For what it's worth, I have had a much bigger online presence since I started using Facebook. I wasn't very prolific on the previous darling of the masses - Orkut (or MySpace for others). More than knowing about my friends updates, I tended to use Orkut more as a means to get back in touch with people who I thought had lost to the travails of time. Facebook much cleaner than Orkut and although it's kind of crap in the mobile form, it's helped me reconnect with many more people than I ever Imagined. Thank you for that Zuck.

In 2010 Facebook hired their first college graduates from India. One of them also had an offer from Google but passed on it in favor of what he must have felt was an exciting new world at Facebook. Suddenly Facebook was the new Google, and Google was the new Microsoft - a clumsy old corporation. Facebook poached Google's college grad hires, their staff and even their head chef ( ouch!! ). At the time I thought, Ok they are offering a few more dollars, but how exactly does Facebook make money ? Turns out they don't make a lot of it.

Being a dreamy eyed startup and handing out "I'm CEO bitch" visiting cards was a far cry from the rules other companies like Google and Microsoft and Apple were playing by. And then Facebook went public. What followed was a well documented series of gaffes. First lead under writer Morgan Stanley cut earnings outlooks during the IPO roadshow. For those un-initiated with finance, the rough price of a stock is usually some numerical factor multiplied by the companies earnings. Nobody ever cuts earnings during a road show. Then on IPO day Nasdaq botched trading in Facebook. As of today Facebook is valued at $44Billion, down from the awe inspiring $100Billion they started off with. As of close of business, Google, Microsoft and Apple all have enough cash on hand to buy Facebook. Strangely, nothing has changed at Facebook in these months. If anything they've added a few million users, some new features and some more ads.

Last week Knight Capital's computers went haywire and lost the firm more than $450Million. The whole financial world was talking about it. Regulators, bankers and even the politicians. If $450Million is a flash, then the $66Billion of wealth destroyed by the Facebook IPO is a supernova. But it's an invisible supernova, because this time we can't blame the machines.

Sunday, August 05, 2012

The gender hide and seek

My parents have recently asked me to think about getting married. Sure, why not, everybody seems to be doing. But I would need to find a girl and I seriously wonder how somebody working at least 60~70 hours a week, would find the time to socialize let alone date. And it got me thinking about something else.

When I was in school my class had about one girl for every guy. As I moved to Junior college that dropped to 4 out of 10 and when I finally reached college it hit about 2 out of 10. Surely it couldn't get any worse. And then I took a job, where that number hit 1 out of 10 (any lower and we'd have to have half a woman! ). Now admittedly I joined a group that did IT for Prop trading, a ferociously demanding and competitive part of the Investment banking world, with long and irregular hours. When I look around and see other groups in my firm or even other firms, they are marginally better but still have same big-Oh (read as "trend" for for those not familiar with computing parlance )  when it comes to the number of women at the workplace.
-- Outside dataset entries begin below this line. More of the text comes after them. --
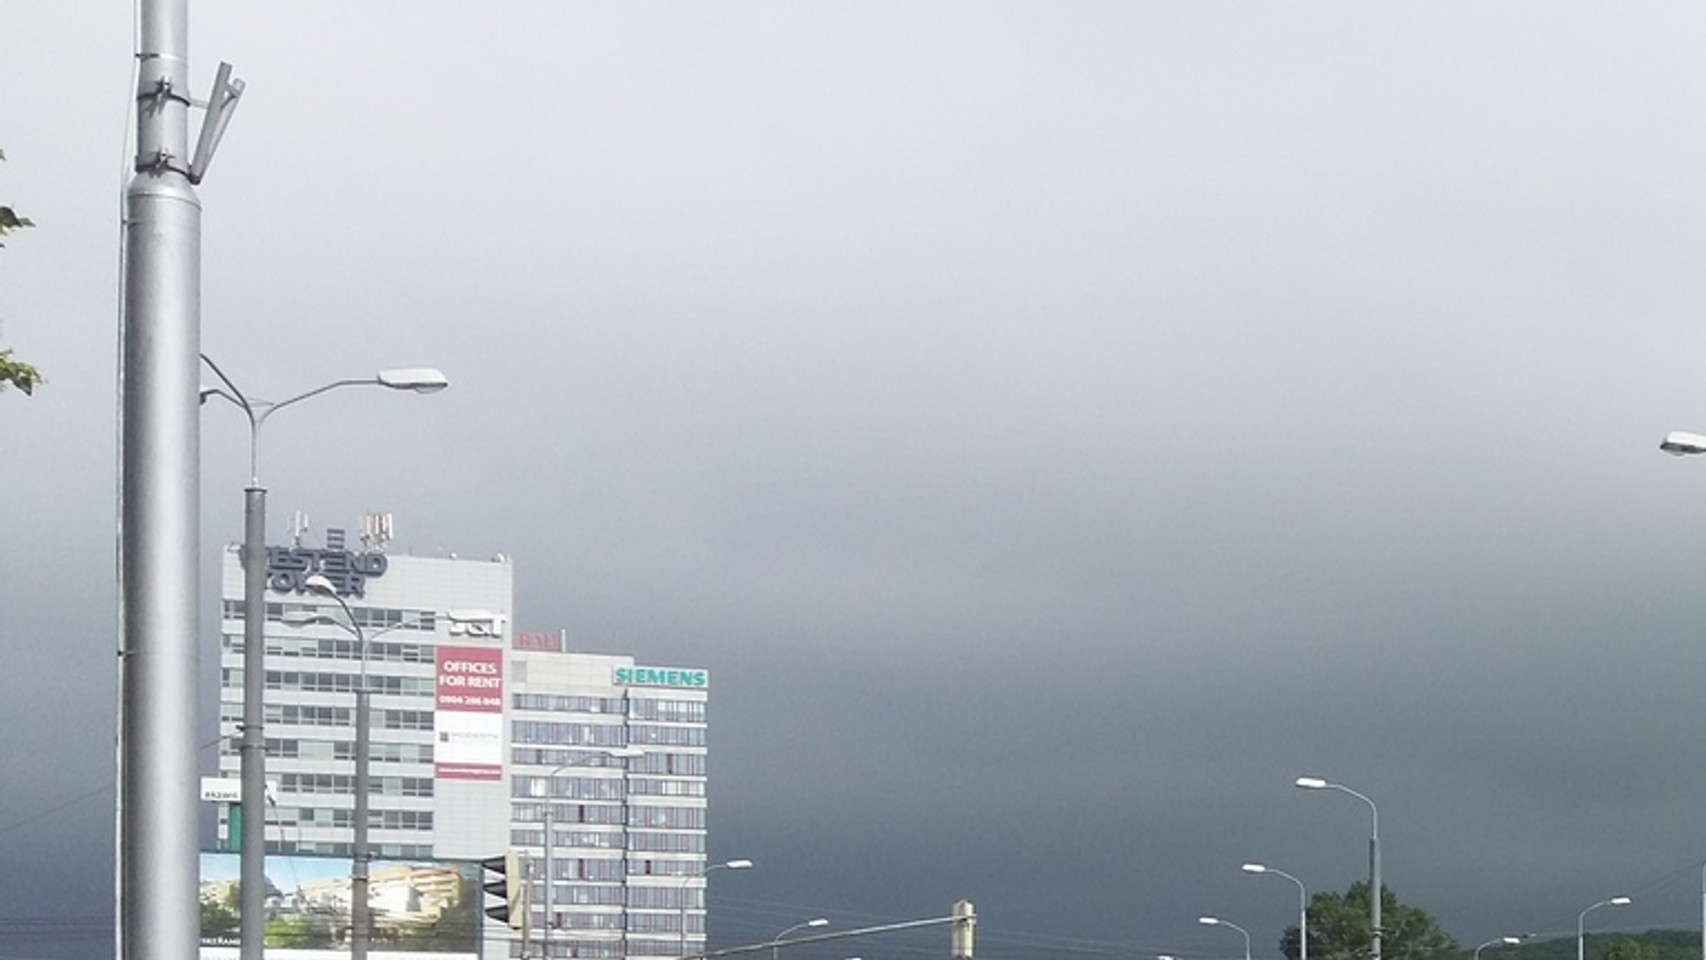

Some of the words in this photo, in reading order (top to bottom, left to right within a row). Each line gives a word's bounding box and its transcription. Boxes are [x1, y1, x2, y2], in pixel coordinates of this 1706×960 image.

[240, 547, 388, 578] ESTEND
[443, 660, 497, 674] OFFICES
[439, 675, 466, 687] FOR
[467, 676, 502, 688] RENT
[615, 667, 706, 686] SIEMENS
A lot of my friends work in the software industry and though they have slightly more women in their work force it's still nowhere near 50-50.

In school most of the girls I remember were hardworking, sincere and motivated, all qualities you would associate with a successful modern career and not with brash school boys who seemed to eventually have these successful careers. So where did all the women go ? Where did we push them out of mainstream  ?Remember these are women who were from middle class homes. Growing up I don't remember girls being treated differently than guys, not at least till after college and definitely not while they were in college.

 Or maybe there is a secret office where all the women work. I'm sure that's it.